> [Exercise] Each entry that follows is to be copied exactly, minus any pictures.

> [Source data]

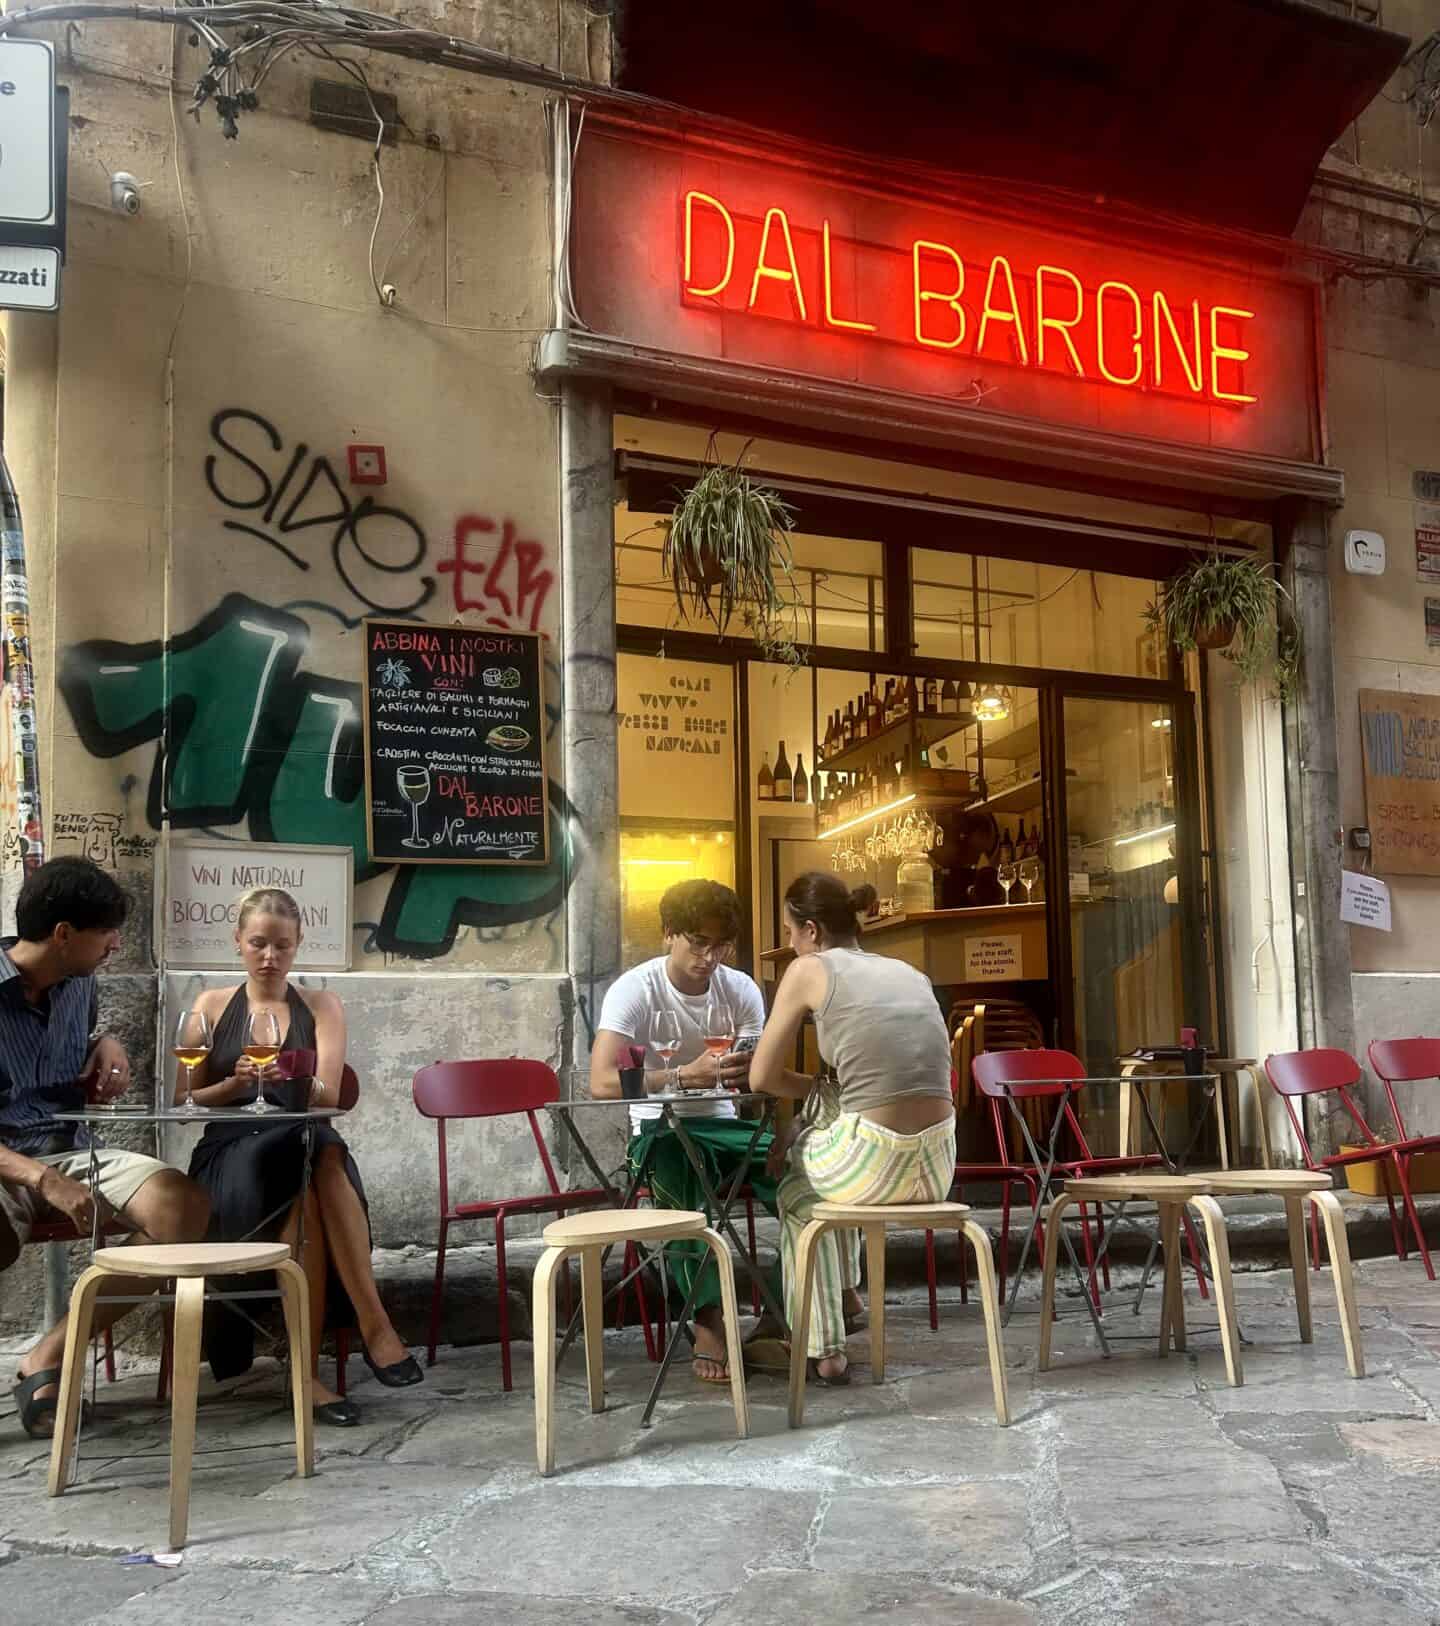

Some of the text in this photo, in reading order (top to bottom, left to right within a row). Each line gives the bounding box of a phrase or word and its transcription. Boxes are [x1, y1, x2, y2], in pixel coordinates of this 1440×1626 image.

[0, 267, 46, 286] zzati
[683, 190, 1257, 403] DAL BARONE
[372, 631, 525, 655] ABBINA I NOSTRI
[420, 654, 475, 677] VINI
[370, 687, 423, 700] TAGLIERE
[426, 691, 436, 701] DI
[376, 701, 446, 714] ARTIGIANALI
[463, 706, 519, 721] SICILIANI
[376, 720, 426, 735] FOCACCIA
[376, 747, 421, 760] CROSTINI
[438, 775, 475, 799] DAL
[464, 795, 543, 818] BARONE
[54, 814, 89, 824] TUTTO
[433, 816, 540, 847] NATURALMENTE
[191, 863, 304, 889] VINI NATURALI
[172, 898, 240, 925] BIOLOG

> [Response area]
Some of the text in this photo, in reading order (top to bottom, left to right within a row). Each line gives the bounding box of a phrase or word and its transcription. Boxes are [x1, y1, x2, y2], in pixel coordinates of this 1440×1626 image.

[0, 267, 46, 286] zzati
[683, 190, 1257, 403] DAL BARONE
[372, 631, 525, 655] ABBINA I NOSTRI
[420, 654, 475, 677] VINI
[370, 687, 423, 700] TAGLIERE
[426, 691, 436, 701] DI
[376, 701, 446, 714] ARTIGIANALI
[463, 706, 519, 721] SICILIANI
[376, 720, 426, 735] FOCACCIA
[376, 747, 421, 760] CROSTINI
[438, 775, 475, 799] DAL
[464, 795, 543, 818] BARONE
[54, 814, 89, 824] TUTTO
[433, 816, 540, 847] NATURALMENTE
[191, 863, 304, 889] VINI NATURALI
[172, 898, 240, 925] BIOLOG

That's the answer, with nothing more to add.